Lo que ocurre tambien es que a veces con el amplificador conectado, el PLL no me engancha y si intento hacer ajustes la frecuencia se pierde o vuelve segun la posición de los trimmer está todo en un equilibrio muy critico. A veces sólo de encender y apagar deja todo de funcionar y hay que reajustar de nuevo cosa que a veces es costosísima.

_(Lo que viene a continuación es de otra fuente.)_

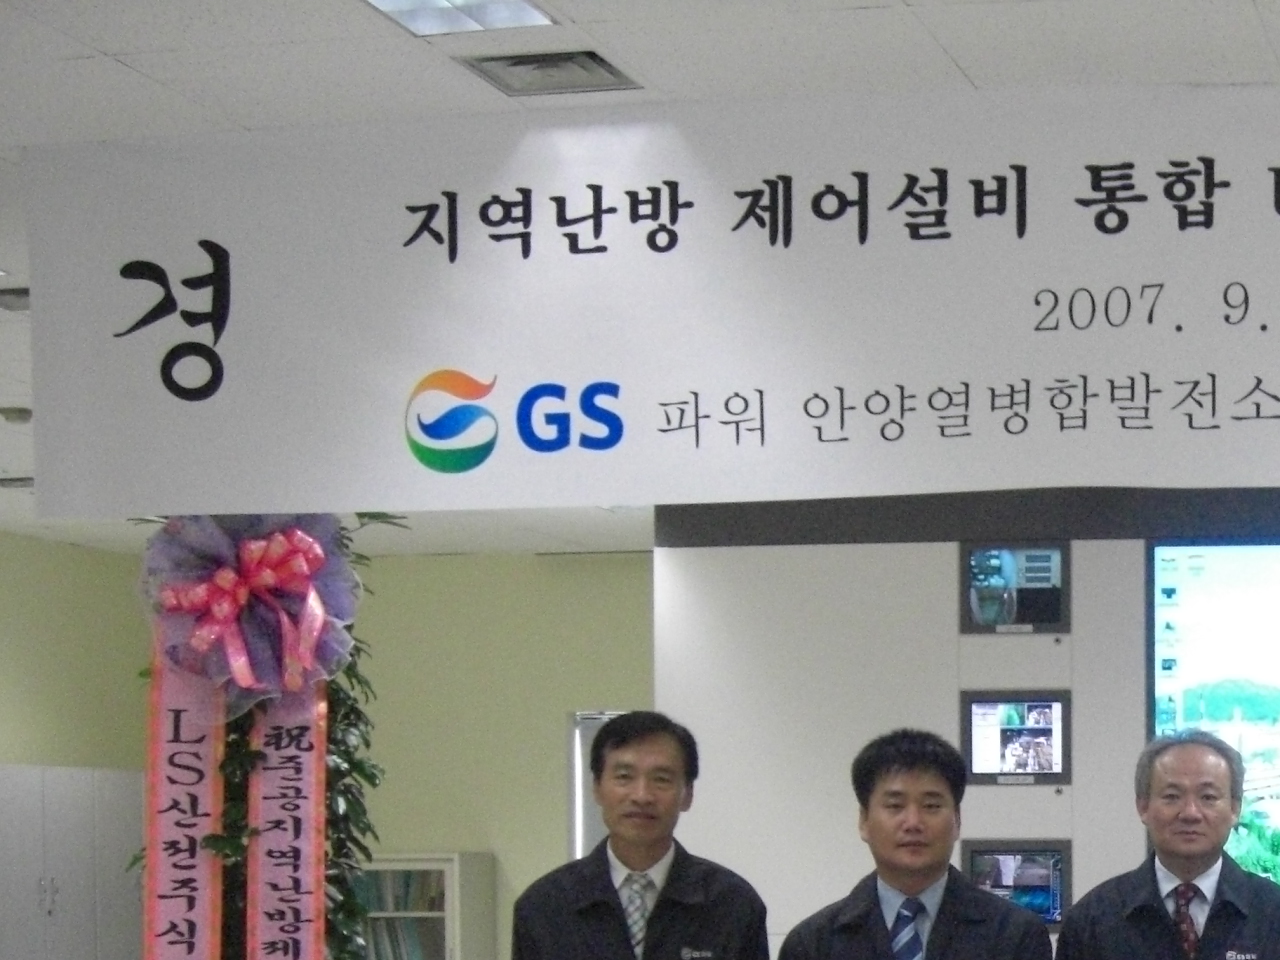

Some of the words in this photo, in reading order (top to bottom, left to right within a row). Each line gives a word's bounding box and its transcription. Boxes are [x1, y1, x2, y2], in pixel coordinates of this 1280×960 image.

[402, 179, 695, 264] 지역난방
[732, 164, 1029, 249] 제어설비
[1074, 156, 1231, 235] 통합
[113, 239, 231, 402] 경
[1033, 283, 1184, 333] 2007.
[1222, 281, 1269, 332] 9.
[516, 382, 625, 453] GS
[657, 388, 767, 448] 파워
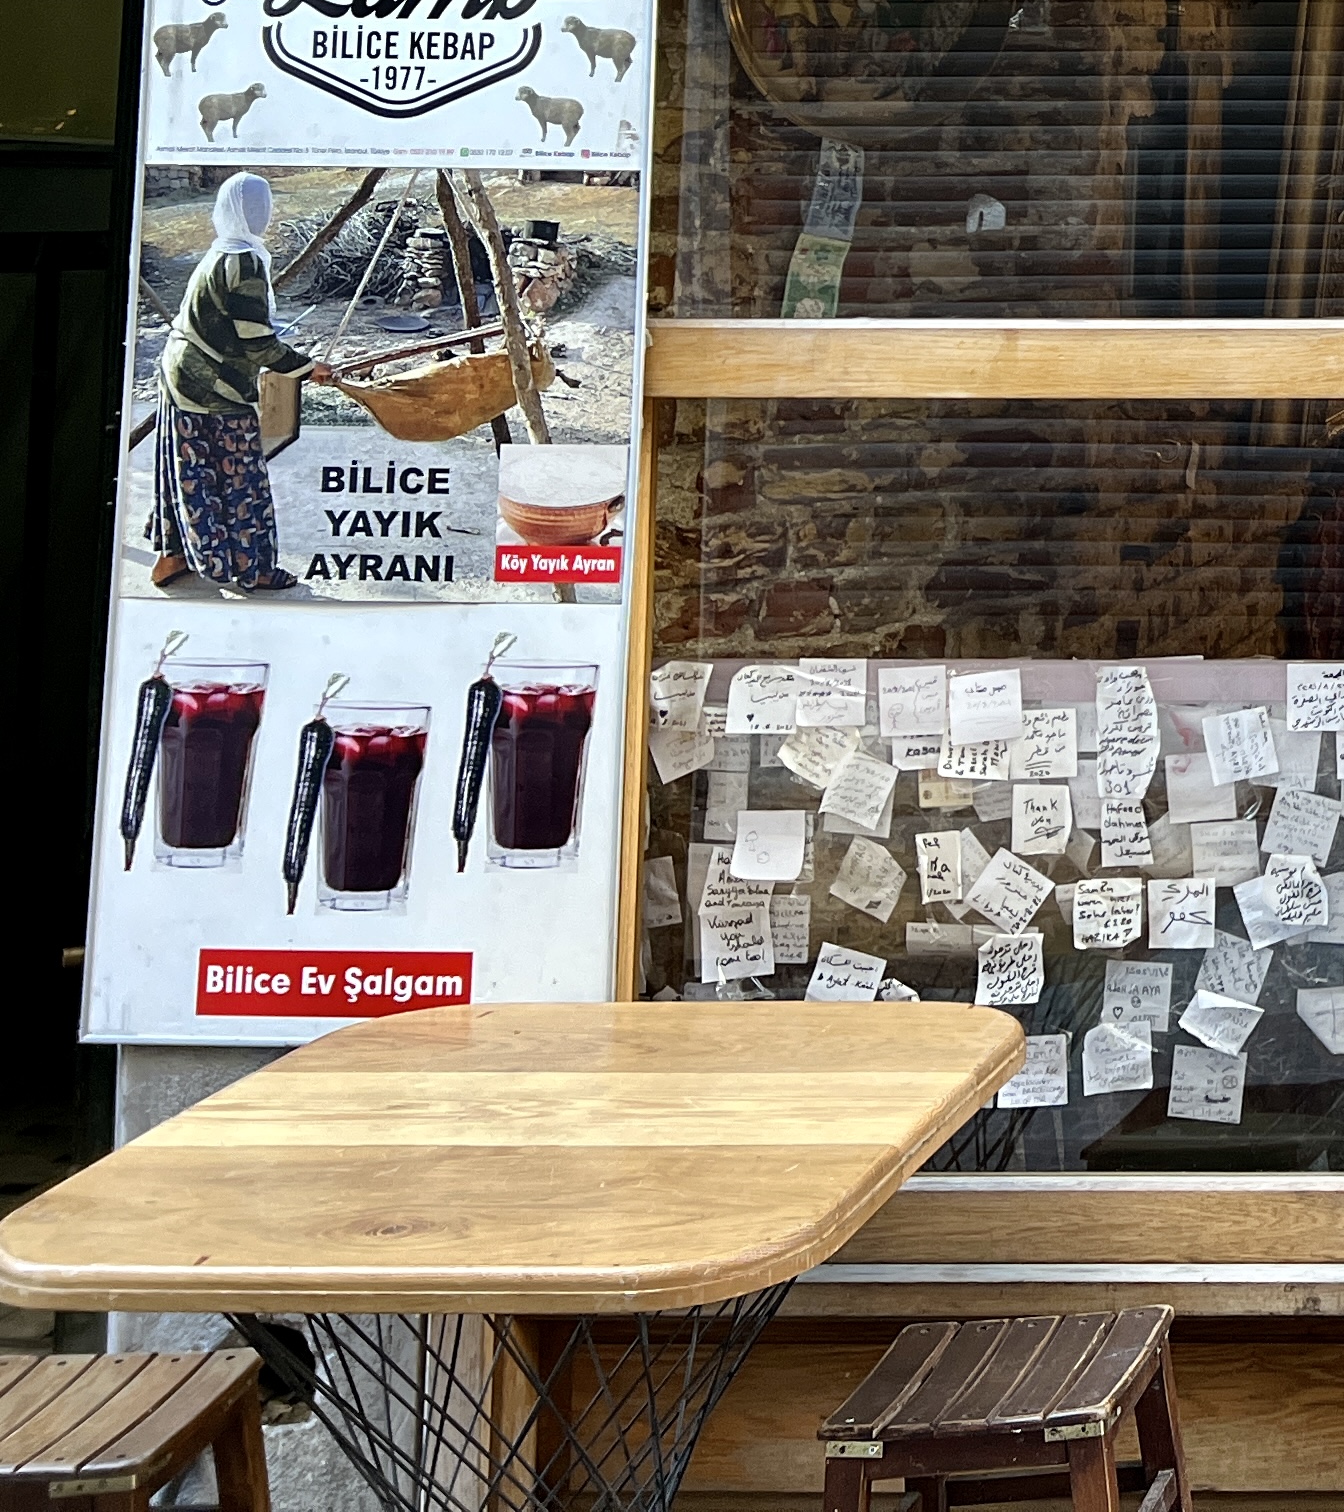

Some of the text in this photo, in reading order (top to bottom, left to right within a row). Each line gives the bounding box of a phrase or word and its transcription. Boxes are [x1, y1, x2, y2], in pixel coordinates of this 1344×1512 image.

[311, 24, 496, 61] BİLİCE KEBAP
[320, 459, 451, 495] BİLİCE
[324, 510, 443, 539] YAYIK
[304, 553, 455, 584] AYRANI
[500, 552, 616, 576] Köy Yayık Ayran
[204, 963, 464, 1005] Bilice Ev Şalgam
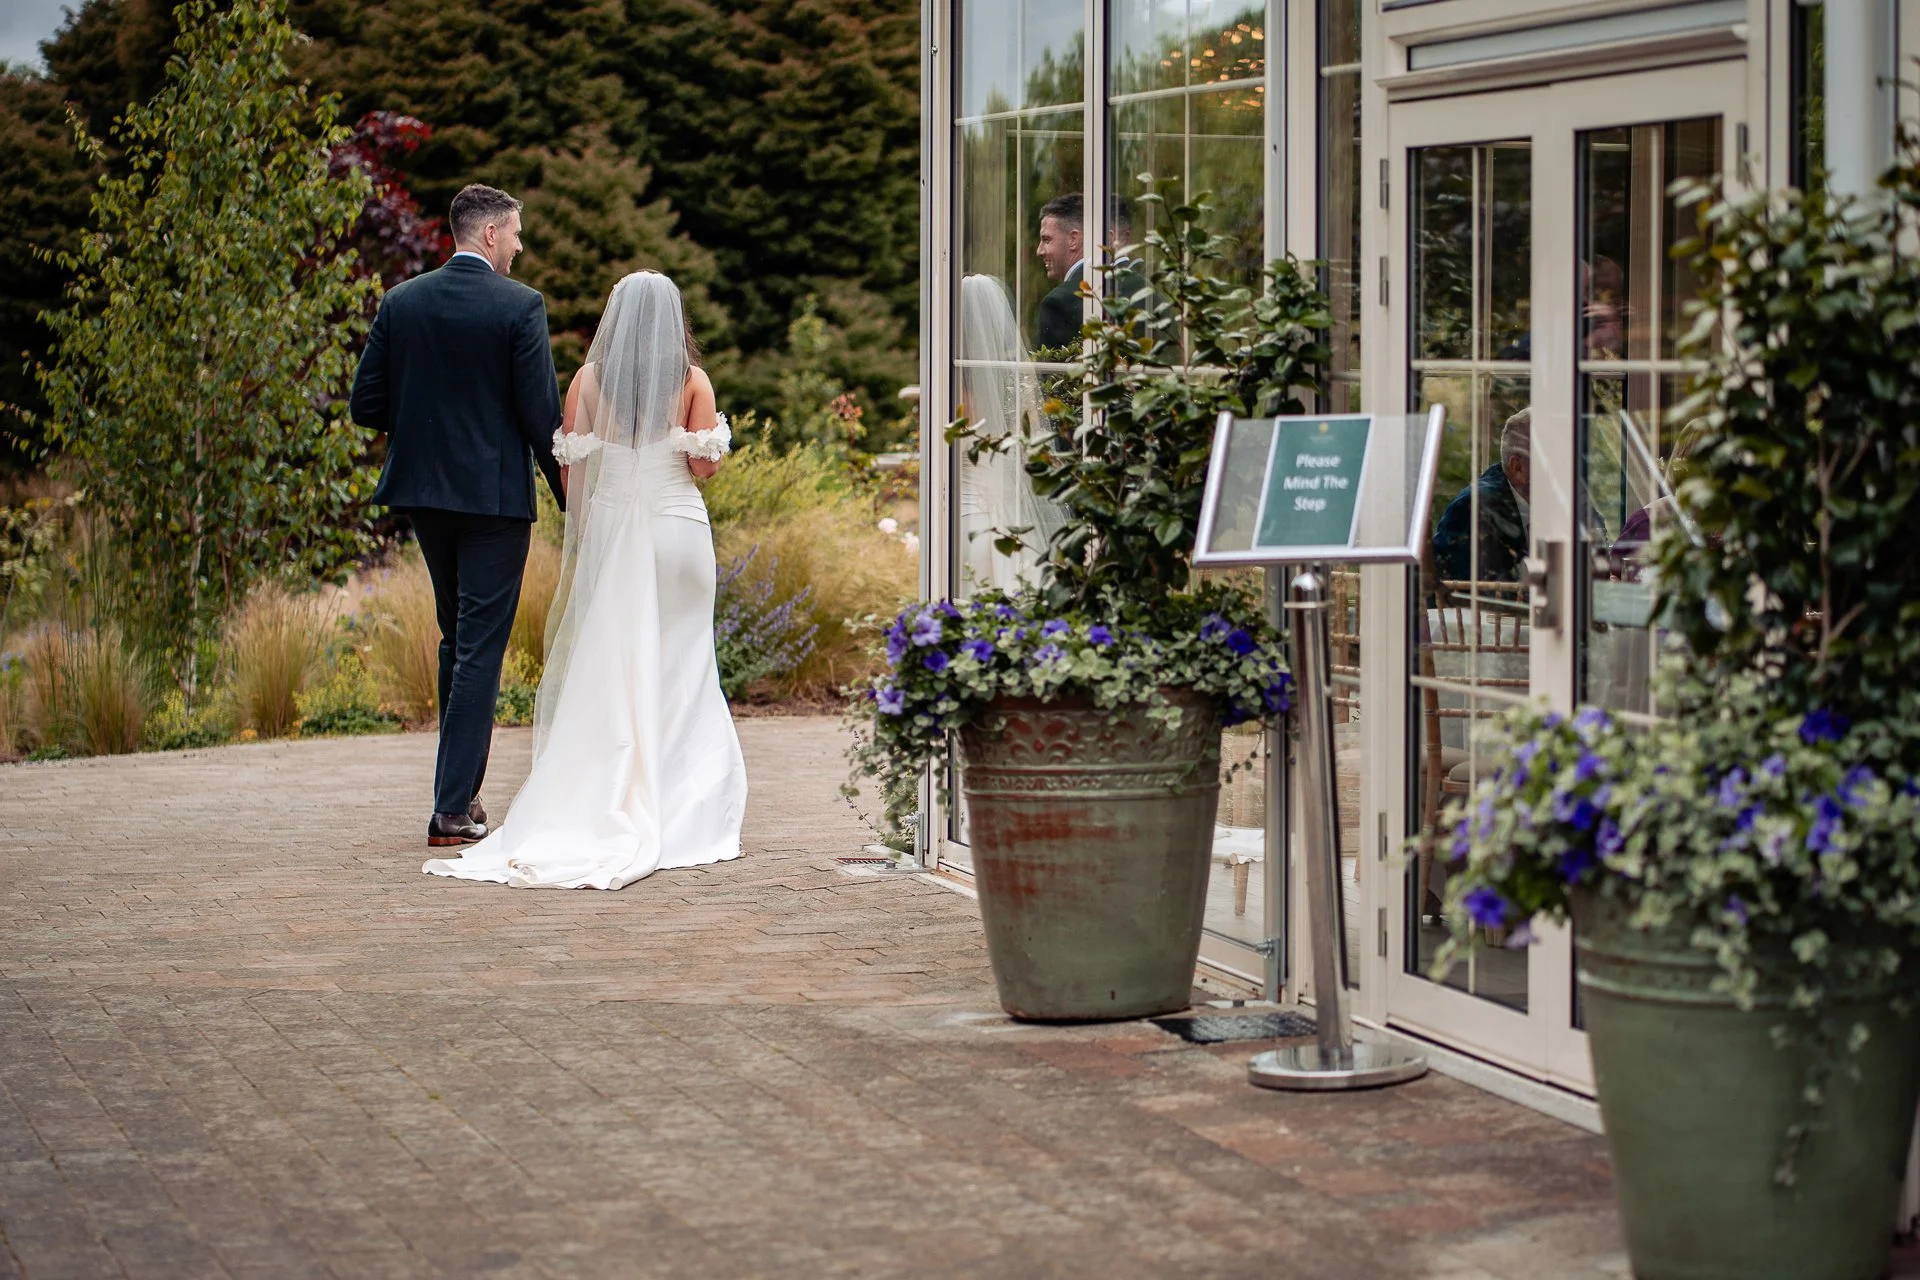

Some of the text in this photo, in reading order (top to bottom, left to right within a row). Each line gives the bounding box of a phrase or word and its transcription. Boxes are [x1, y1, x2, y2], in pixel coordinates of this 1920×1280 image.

Alguien me puede explicar a que se puede deber todo esto?  Me gustaria solucionarlo, llevo ya tres dias con el mismo cuento, me duele la espalda 

Saludos.


----------



## miguelus (Abr 27, 2012)

tiago dijo:


> Lo que ocurre tambien es que a veces con el amplificador conectado, el PLL no me engancha y si intento hacer ajustes la frecuencia se pierde o vuelve segun la posición de los trimmer está todo en un equilibrio muy critico. A veces sólo de encender y apagar deja todo de funcionar y hay que reajustar de nuevo cosa que a veces es costosísima.
> 
> Alguien me puede explicar a que se puede deber todo esto?  Me gustaria solucionarlo, llevo ya tres dias con el mismo cuento, me duele la espalda
> 
> Saludos.



Buenas noches tiago.
Lo que estás planteando tiene una explicación. el problema es explicarlo con argumentos sencillos ya que las causas pueden ser muy variadas.
Yo, personalmente, opino que meterse a ajustar un PLL sin un Analizador de Espectros es como intentar cruzar el Atlántico sin una Brújula, es posible pero enormemente arriesgado.
Otro tema es que se tienen que tener unos conocimientos muy sólidos acerca de que es un PLL y como funciona.
Pero con tesón se puede conseguir.
En primer lugar, te aconsejo que para la fase de ajuste, desconectes la etapa de potencia, y solo la conectes cuando estés seguro de que el PLL está funcionando correctamente.
Desconecta la tensión del lazo, esto es la que viene del filtro del lazo.
Ahora y por medio de una fuente de tensión variable, de entre 2 y 10 voltios introduces la tensión en los Diodos Varicap simulando, de esta forma, lo que sería la tensión de error del lazo.
En estas condiciones el OFV tiene que cubrir el rango de frecuencias que se necesite, teniendo en cuenta que la mínima tensión corresponde con la freuencia más baja y la máxima tensión corresponde con la frecuencia más alta.
Apunta los  valores de Frecuencia/Tensión para la máxima y mínima frecuencia, esto nos va dar un dato muy importante que es la Relación Megahercios/Voltios.
Si quieres cubrir de 87,5 a 108Mhz, un buen valor de tensiones sería lo siguiente...
Con 2Voltios medir una frecuencia de 86Mhz
Con 10 Voltios medir una frecuencia de 109Mhz.
Como ves hay un margen por arriba y por abajo.
Si el VFO barre un margen de frecuencia superior, seguramente tendremos muchos problemas a la hora de ajustar ya que el PLL será incapaz de lograr un enganche estable y estará dando "bandazos" desde la mínima frecuencia hasta la máxima frecuencia hasta que logre cerrar el lazo.
En realidad a todos los PLL les pasa esto, pero hay un parámetro que delata la calidad de un PLL y es el tiempo de enganche desde que se le da la orden de cambiar de frecuencia hasta que esa frecuencia está estable, durante este tiempo es necesario impedir que el Transmisor este en el "Aire"
Bien, sigamos, cuando estes absolutamente seguro de que tu OFV funciona correctamente ya puedes conectar el lazo y ver si cierra correctamente.
Si todo está bien, ahora el OFV tendría que seguir la frecuencia programada, y ya no sería necesario tocar ningún ajuste.
Al programar la frecuencia más baja, en la tensión de referencia tendríamos que medir lo mismo que cuando teníamos la Fuente de Tensión Variable, y la tensión más alta al programar la frecuencia más alta.
Si hasta aquí lo has podido seguir y lo tienes claro, en otro momento puedo seguir explicando más conceptos que creo serán de utilidad para entender los PLL´s

Sal U2


----------



## tiago (Abr 27, 2012)

Miguelus, muchas gracias por tu explicación, tenia un concepto que ahora tengo totalmente claro.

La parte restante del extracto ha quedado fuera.